*EXERCISE*
Keep the pictures out, please, and set down every record exactly.

[Records from a data source]
·····

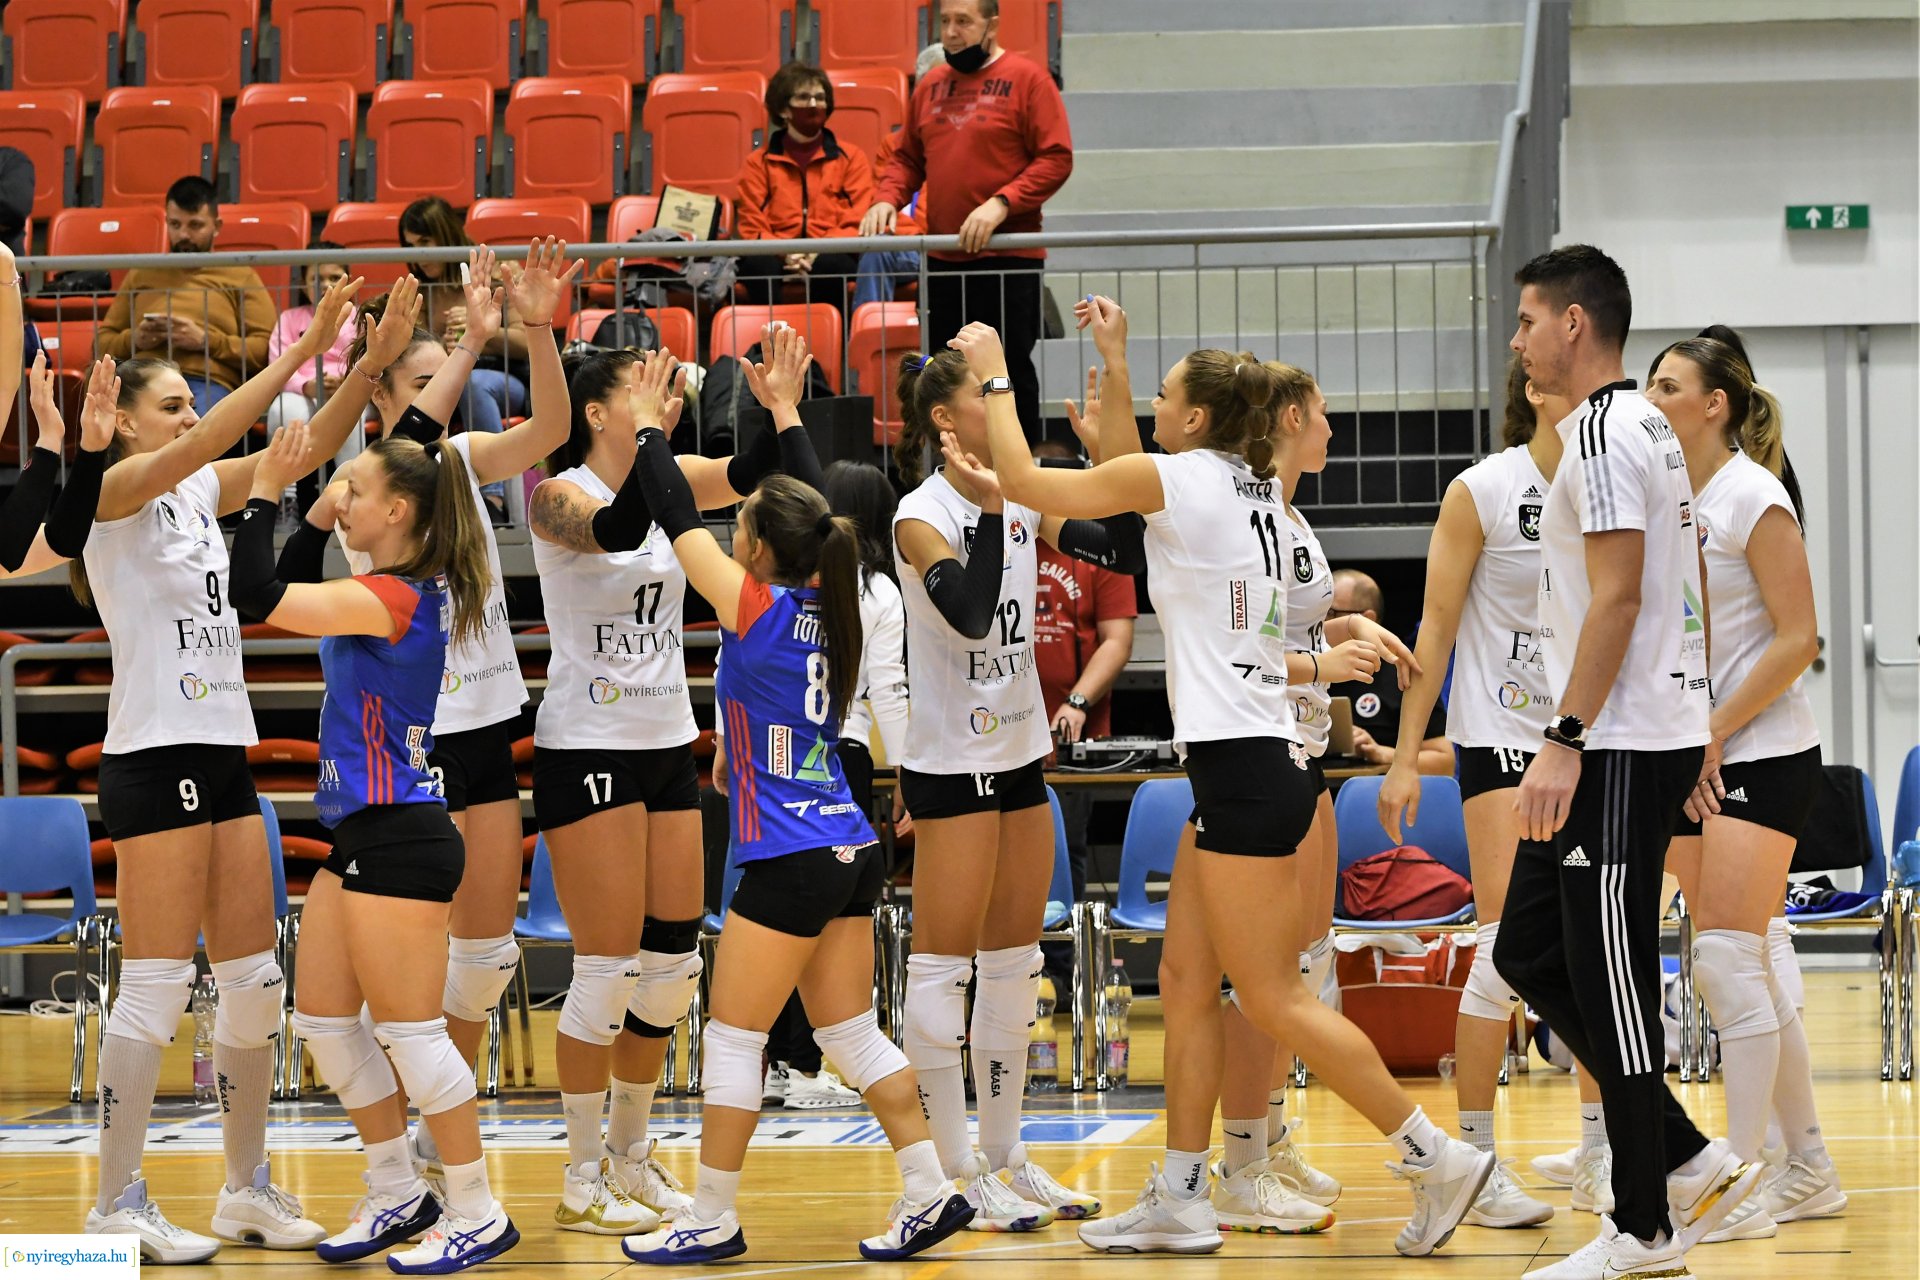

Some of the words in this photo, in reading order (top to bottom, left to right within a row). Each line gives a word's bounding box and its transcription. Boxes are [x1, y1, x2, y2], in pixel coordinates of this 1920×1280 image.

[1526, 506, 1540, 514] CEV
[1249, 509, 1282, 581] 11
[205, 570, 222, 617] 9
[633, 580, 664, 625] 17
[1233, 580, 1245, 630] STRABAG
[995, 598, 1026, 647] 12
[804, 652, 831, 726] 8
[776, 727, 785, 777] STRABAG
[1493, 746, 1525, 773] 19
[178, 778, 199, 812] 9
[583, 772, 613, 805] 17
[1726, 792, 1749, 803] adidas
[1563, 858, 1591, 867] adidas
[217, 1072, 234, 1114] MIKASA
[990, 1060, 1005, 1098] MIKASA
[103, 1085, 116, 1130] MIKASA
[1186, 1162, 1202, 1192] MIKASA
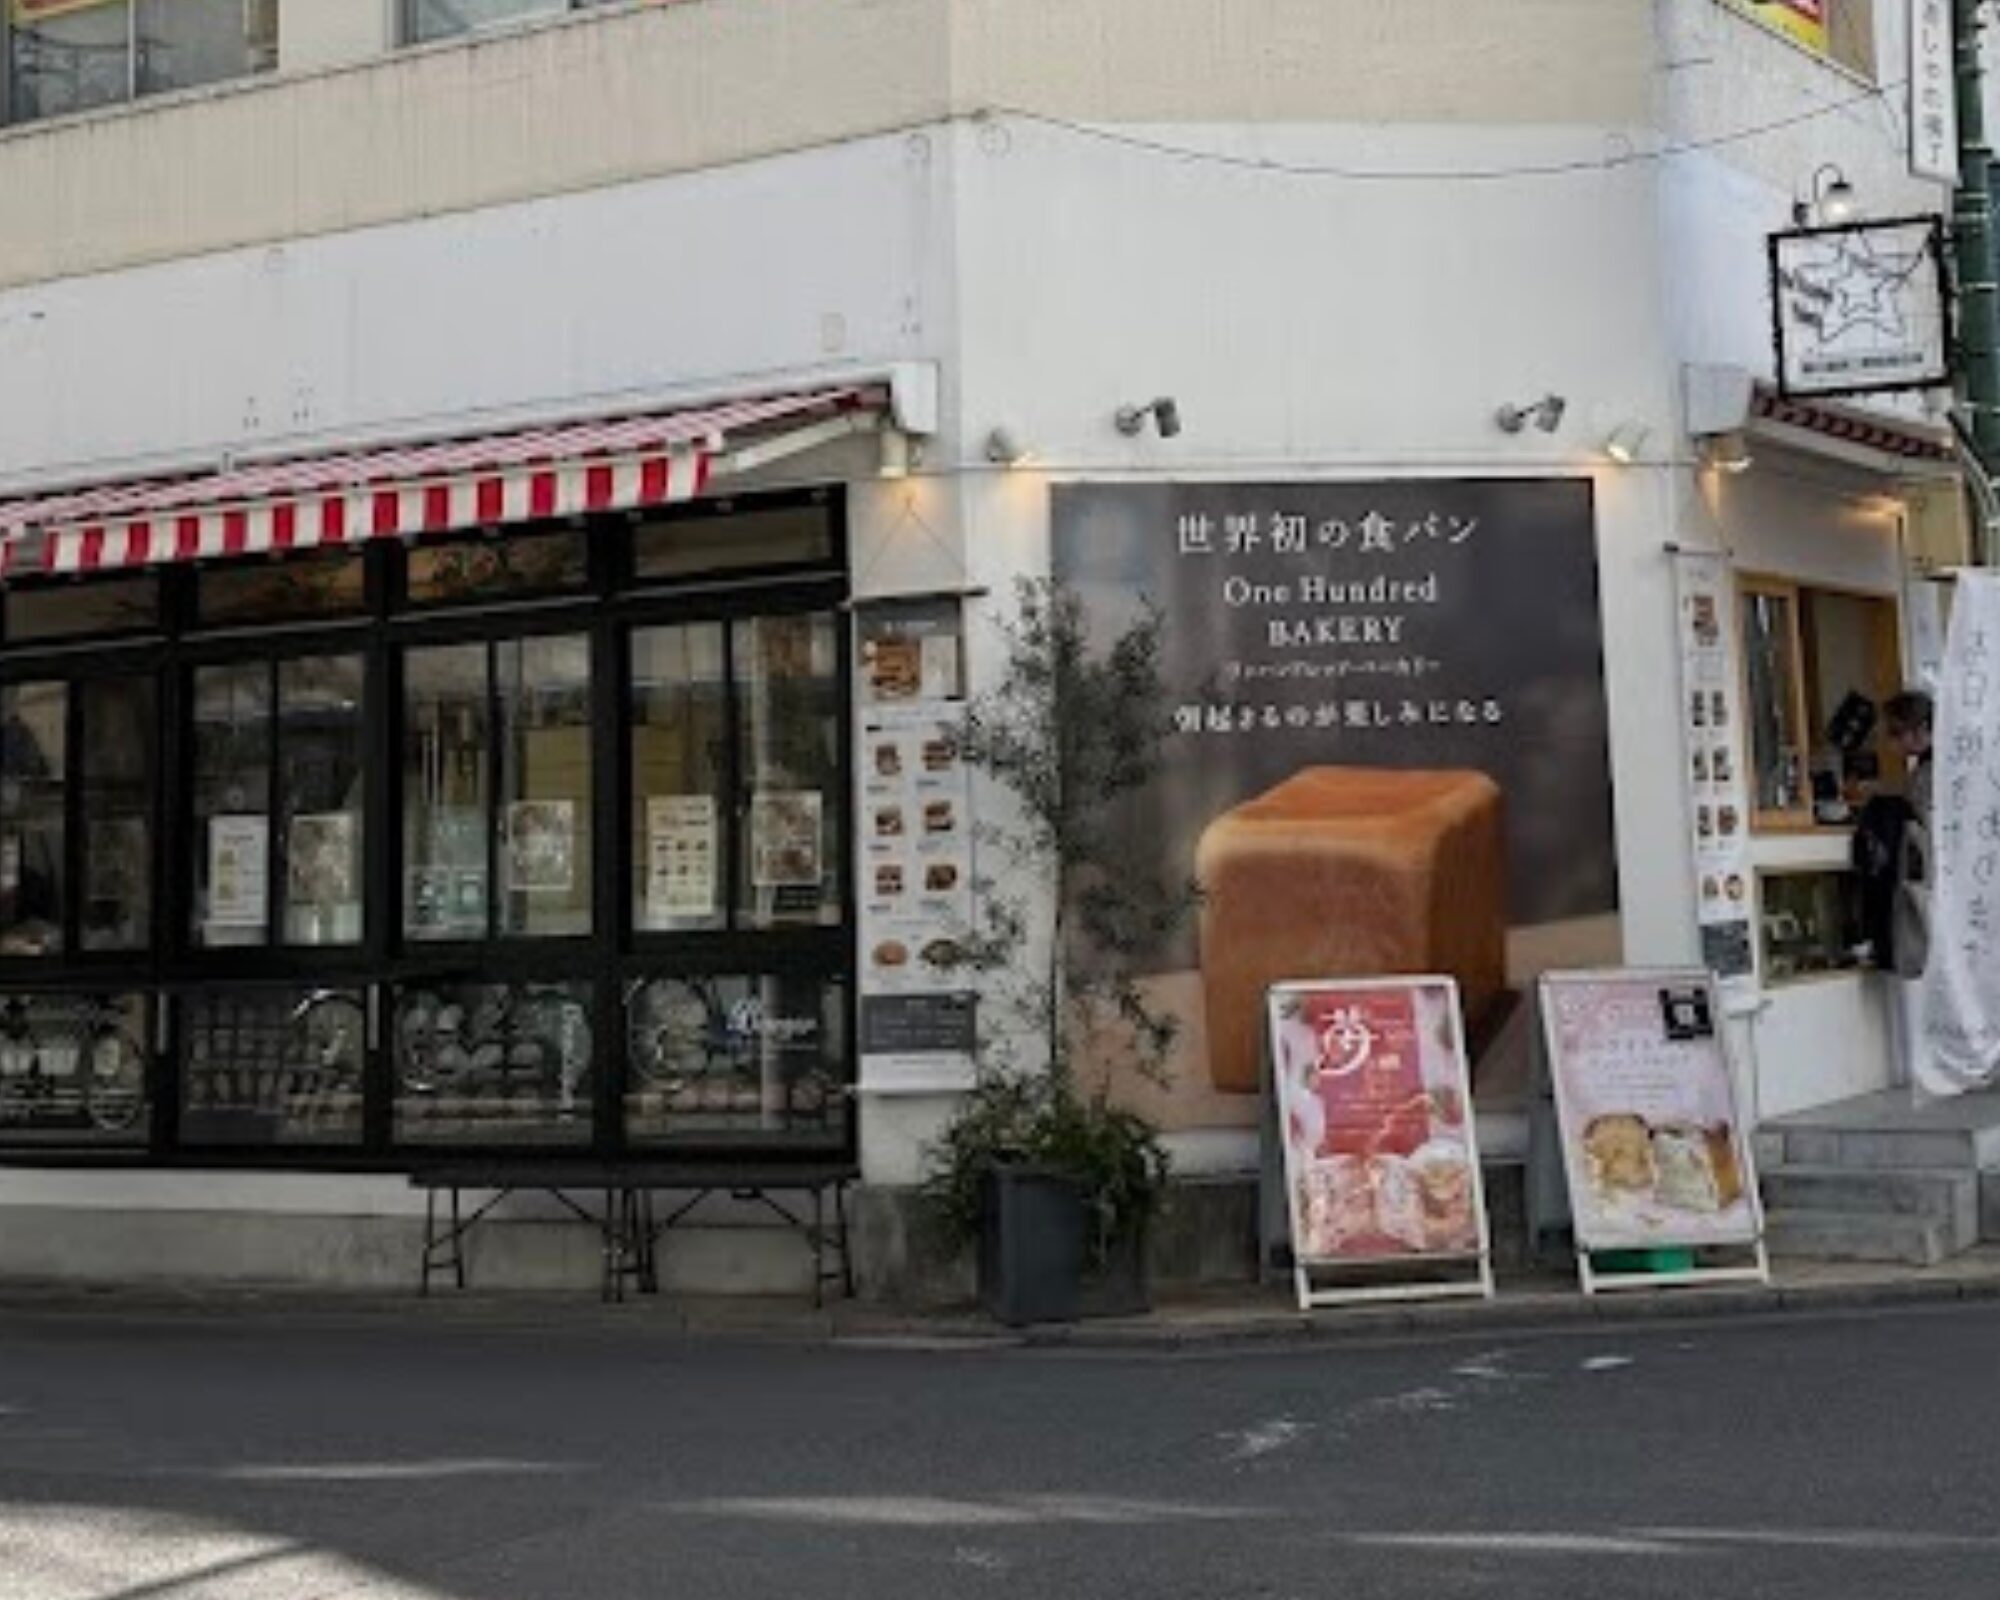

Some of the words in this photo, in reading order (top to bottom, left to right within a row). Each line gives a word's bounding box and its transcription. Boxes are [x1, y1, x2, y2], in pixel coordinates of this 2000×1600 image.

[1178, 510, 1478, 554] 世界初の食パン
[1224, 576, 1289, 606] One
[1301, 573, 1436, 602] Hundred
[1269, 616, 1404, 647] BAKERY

·····

*EXERCISE ANSWER*
Some of the words in this photo, in reading order (top to bottom, left to right within a row). Each line gives a word's bounding box and its transcription. Boxes are [x1, y1, x2, y2], in pixel coordinates of this 1920×1280 image.

[1526, 506, 1540, 514] CEV
[1249, 509, 1282, 581] 11
[205, 570, 222, 617] 9
[633, 580, 664, 625] 17
[1233, 580, 1245, 630] STRABAG
[995, 598, 1026, 647] 12
[804, 652, 831, 726] 8
[776, 727, 785, 777] STRABAG
[1493, 746, 1525, 773] 19
[178, 778, 199, 812] 9
[583, 772, 613, 805] 17
[1726, 792, 1749, 803] adidas
[1563, 858, 1591, 867] adidas
[217, 1072, 234, 1114] MIKASA
[990, 1060, 1005, 1098] MIKASA
[103, 1085, 116, 1130] MIKASA
[1186, 1162, 1202, 1192] MIKASA

Some of the words in this photo, in reading order (top to bottom, left to right within a row). Each line gives a word's bounding box and its transcription. Boxes are [x1, y1, x2, y2], in pixel coordinates of this 2000×1600 image.

[1178, 510, 1478, 554] 世界初の食パン
[1224, 576, 1289, 606] One
[1301, 573, 1436, 602] Hundred
[1269, 616, 1404, 647] BAKERY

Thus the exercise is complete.